*What to do*:
Reproduce the data exactly as given, except for any images.
━━━━━ Data extract
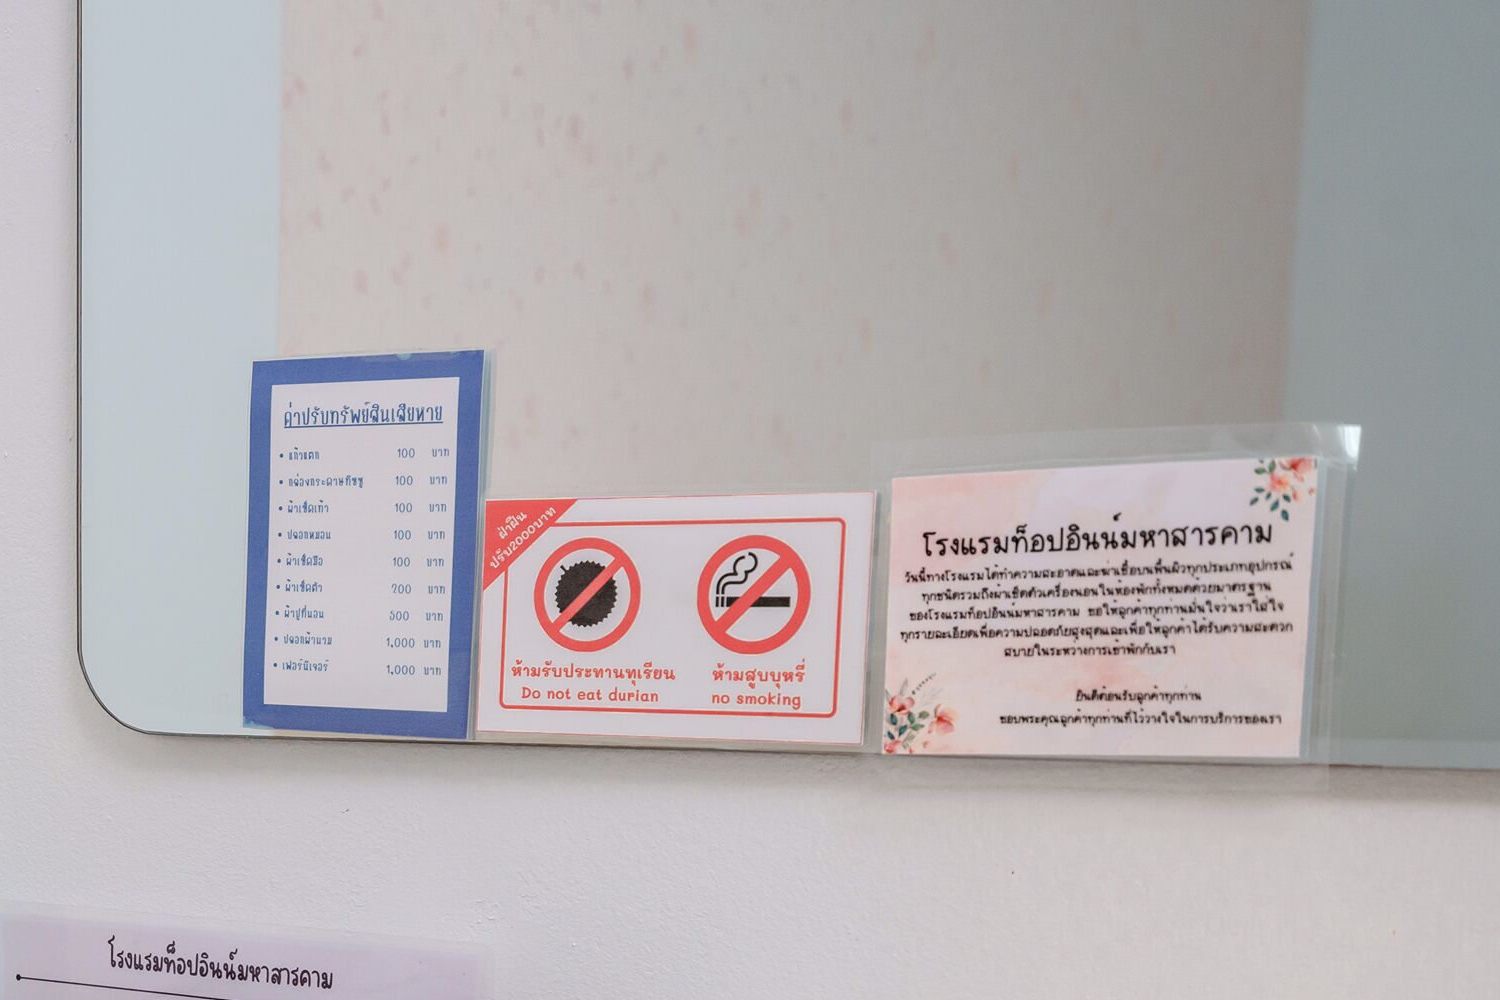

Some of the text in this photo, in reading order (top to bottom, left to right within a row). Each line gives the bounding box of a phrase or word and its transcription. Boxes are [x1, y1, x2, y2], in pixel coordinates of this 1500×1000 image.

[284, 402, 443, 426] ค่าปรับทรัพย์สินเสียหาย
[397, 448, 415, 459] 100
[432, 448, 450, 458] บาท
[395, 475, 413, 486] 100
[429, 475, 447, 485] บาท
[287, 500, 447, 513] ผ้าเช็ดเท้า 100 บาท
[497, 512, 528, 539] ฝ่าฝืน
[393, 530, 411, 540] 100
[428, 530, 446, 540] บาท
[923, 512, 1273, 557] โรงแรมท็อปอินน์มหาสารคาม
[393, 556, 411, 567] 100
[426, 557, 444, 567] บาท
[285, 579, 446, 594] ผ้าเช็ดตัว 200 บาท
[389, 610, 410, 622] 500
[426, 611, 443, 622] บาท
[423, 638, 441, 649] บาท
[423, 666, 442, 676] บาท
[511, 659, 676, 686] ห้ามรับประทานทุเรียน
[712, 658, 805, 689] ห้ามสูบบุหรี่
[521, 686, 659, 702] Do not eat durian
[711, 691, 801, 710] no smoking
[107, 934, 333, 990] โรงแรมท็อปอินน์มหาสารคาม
━━━━━━━━━━
*Problem solution*:
Some of the text in this photo, in reading order (top to bottom, left to right within a row). Each line gives the bounding box of a phrase or word and its transcription. Boxes are [x1, y1, x2, y2], in pixel coordinates of this 1500×1000 image.

[284, 402, 443, 426] ค่าปรับทรัพย์สินเสียหาย
[397, 448, 415, 459] 100
[432, 448, 450, 458] บาท
[395, 475, 413, 486] 100
[429, 475, 447, 485] บาท
[287, 500, 447, 513] ผ้าเช็ดเท้า 100 บาท
[497, 512, 528, 539] ฝ่าฝืน
[393, 530, 411, 540] 100
[428, 530, 446, 540] บาท
[923, 512, 1273, 557] โรงแรมท็อปอินน์มหาสารคาม
[393, 556, 411, 567] 100
[426, 557, 444, 567] บาท
[285, 579, 446, 594] ผ้าเช็ดตัว 200 บาท
[389, 610, 410, 622] 500
[426, 611, 443, 622] บาท
[423, 638, 441, 649] บาท
[423, 666, 442, 676] บาท
[511, 659, 676, 686] ห้ามรับประทานทุเรียน
[712, 658, 805, 689] ห้ามสูบบุหรี่
[521, 686, 659, 702] Do not eat durian
[711, 691, 801, 710] no smoking
[107, 934, 333, 990] โรงแรมท็อปอินน์มหาสารคาม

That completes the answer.